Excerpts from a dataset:
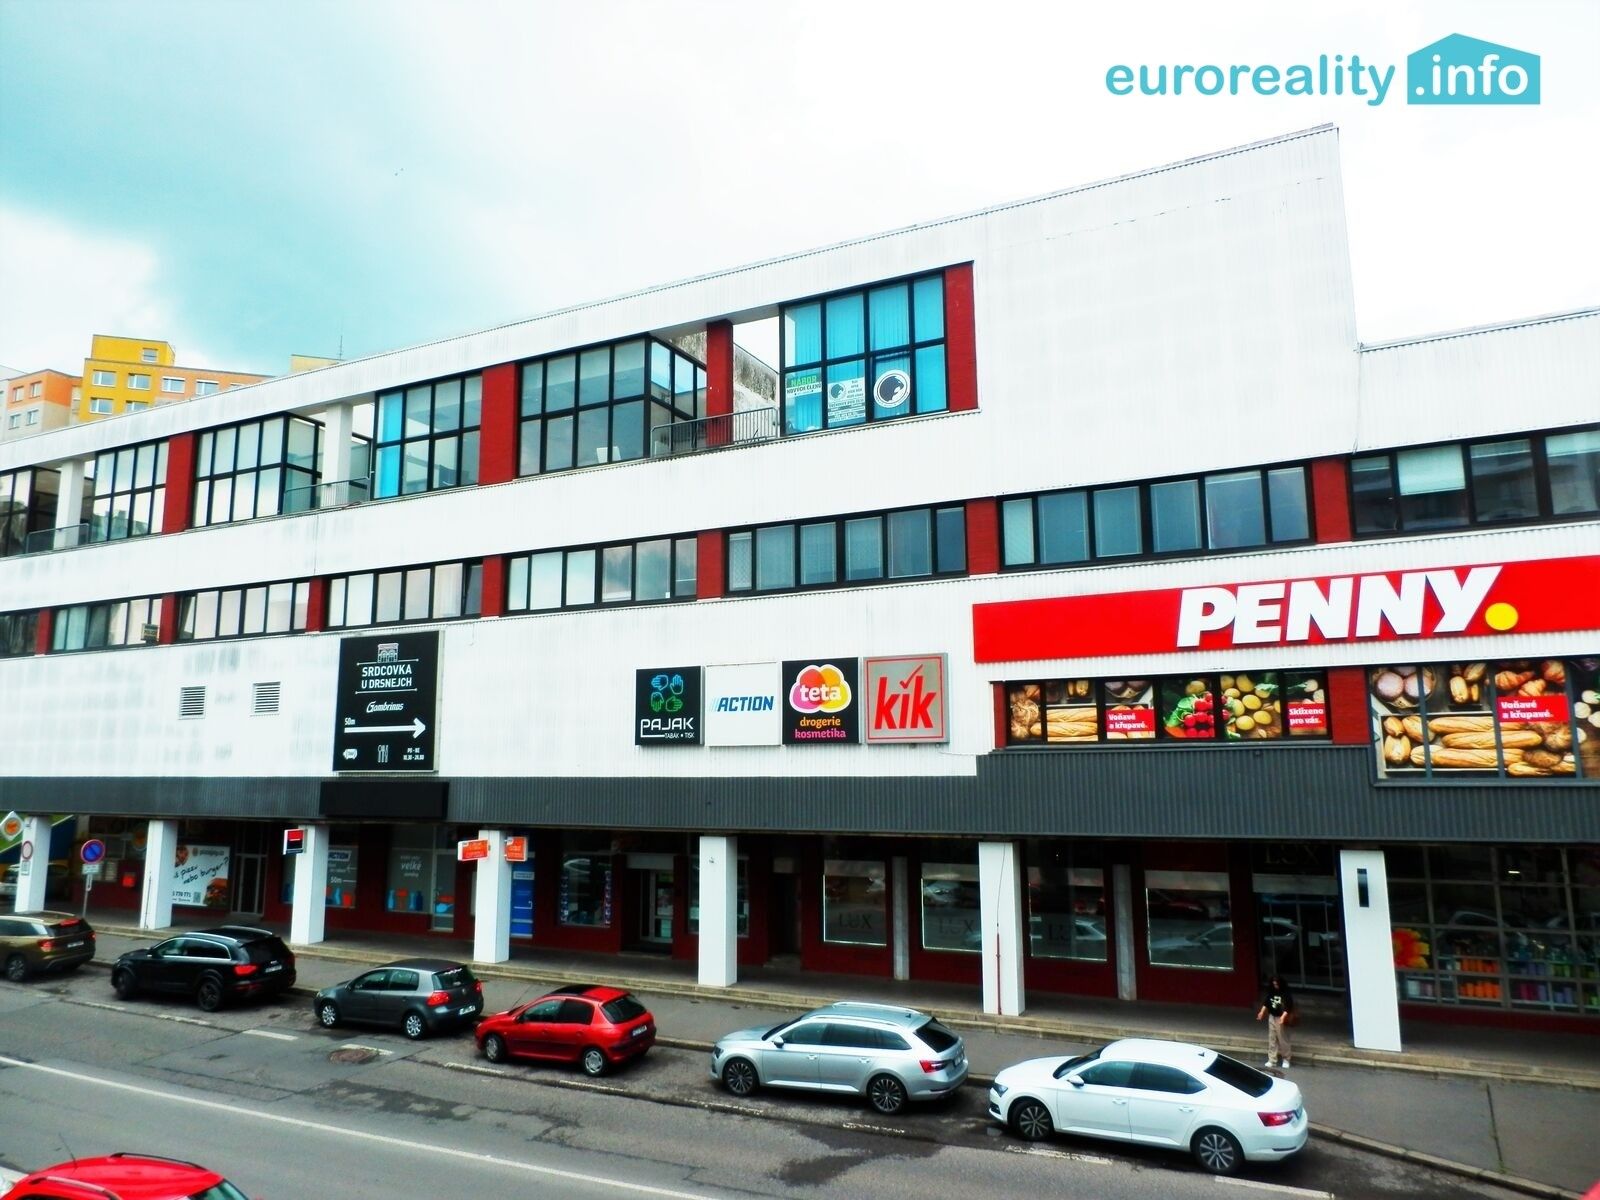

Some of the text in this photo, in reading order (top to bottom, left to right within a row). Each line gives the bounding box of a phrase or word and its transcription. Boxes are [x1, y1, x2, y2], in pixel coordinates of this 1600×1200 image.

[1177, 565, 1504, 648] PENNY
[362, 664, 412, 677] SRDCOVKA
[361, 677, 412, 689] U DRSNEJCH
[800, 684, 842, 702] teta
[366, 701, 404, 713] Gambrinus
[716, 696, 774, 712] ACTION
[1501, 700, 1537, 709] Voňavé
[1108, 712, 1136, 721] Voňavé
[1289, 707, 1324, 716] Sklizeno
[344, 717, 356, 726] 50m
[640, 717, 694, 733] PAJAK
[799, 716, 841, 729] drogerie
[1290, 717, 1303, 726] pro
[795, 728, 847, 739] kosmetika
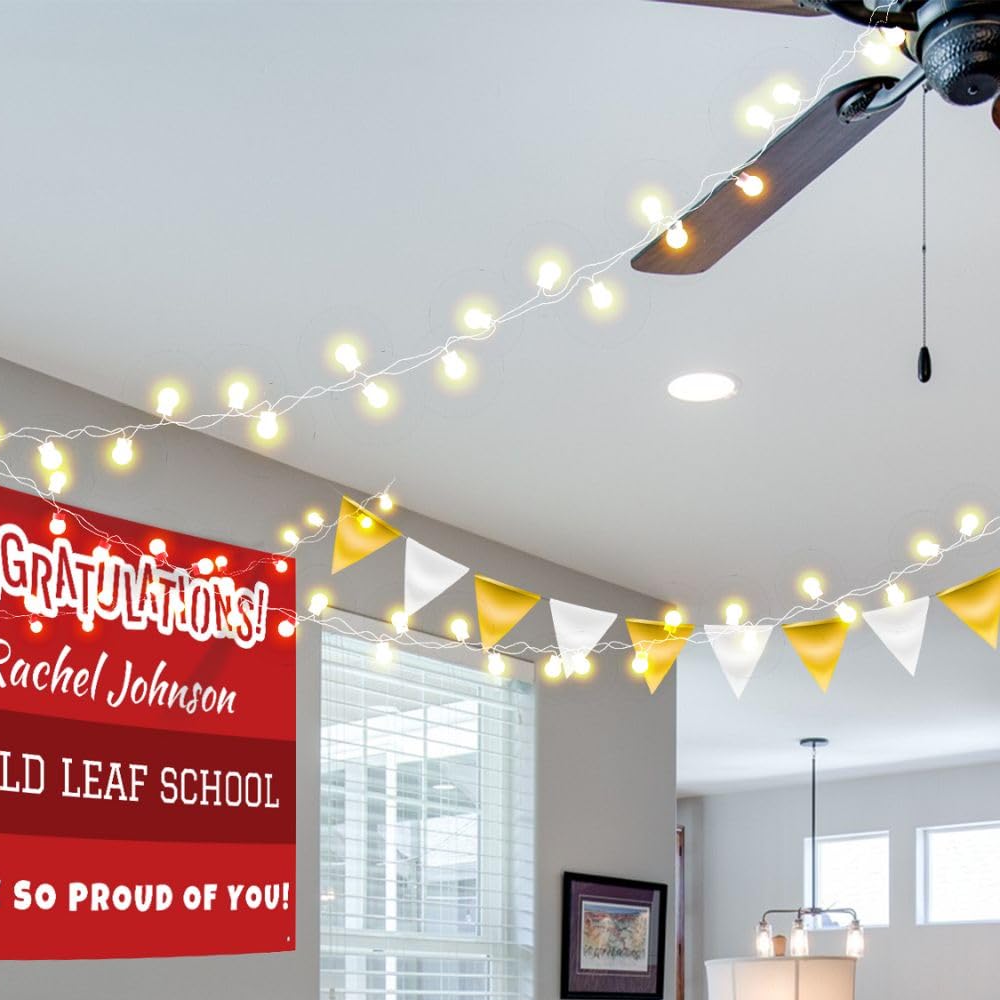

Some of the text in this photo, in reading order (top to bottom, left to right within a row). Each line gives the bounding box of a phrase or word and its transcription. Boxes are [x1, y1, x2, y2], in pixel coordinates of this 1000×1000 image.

→ Assignment
No images belong in the copy. Transcribe every record exactly.

→ Reply
Some of the text in this photo, in reading order (top to bottom, left to right within a row). Each line gives the bounding box of a phrase or word and its transcription. Boxes are [x1, y1, x2, y2], in pixel coordinates of this 1600×1200 image.

[1177, 565, 1504, 648] PENNY
[362, 664, 412, 677] SRDCOVKA
[361, 677, 412, 689] U DRSNEJCH
[800, 684, 842, 702] teta
[366, 701, 404, 713] Gambrinus
[716, 696, 774, 712] ACTION
[1501, 700, 1537, 709] Voňavé
[1108, 712, 1136, 721] Voňavé
[1289, 707, 1324, 716] Sklizeno
[344, 717, 356, 726] 50m
[640, 717, 694, 733] PAJAK
[799, 716, 841, 729] drogerie
[1290, 717, 1303, 726] pro
[795, 728, 847, 739] kosmetika

Some of the text in this photo, in reading order (top to bottom, left to right within a row). Each line gives the bounding box of a phrase or word and its transcription. Boxes are [x1, y1, x2, y2], in pixel coordinates of this 1000×1000 image.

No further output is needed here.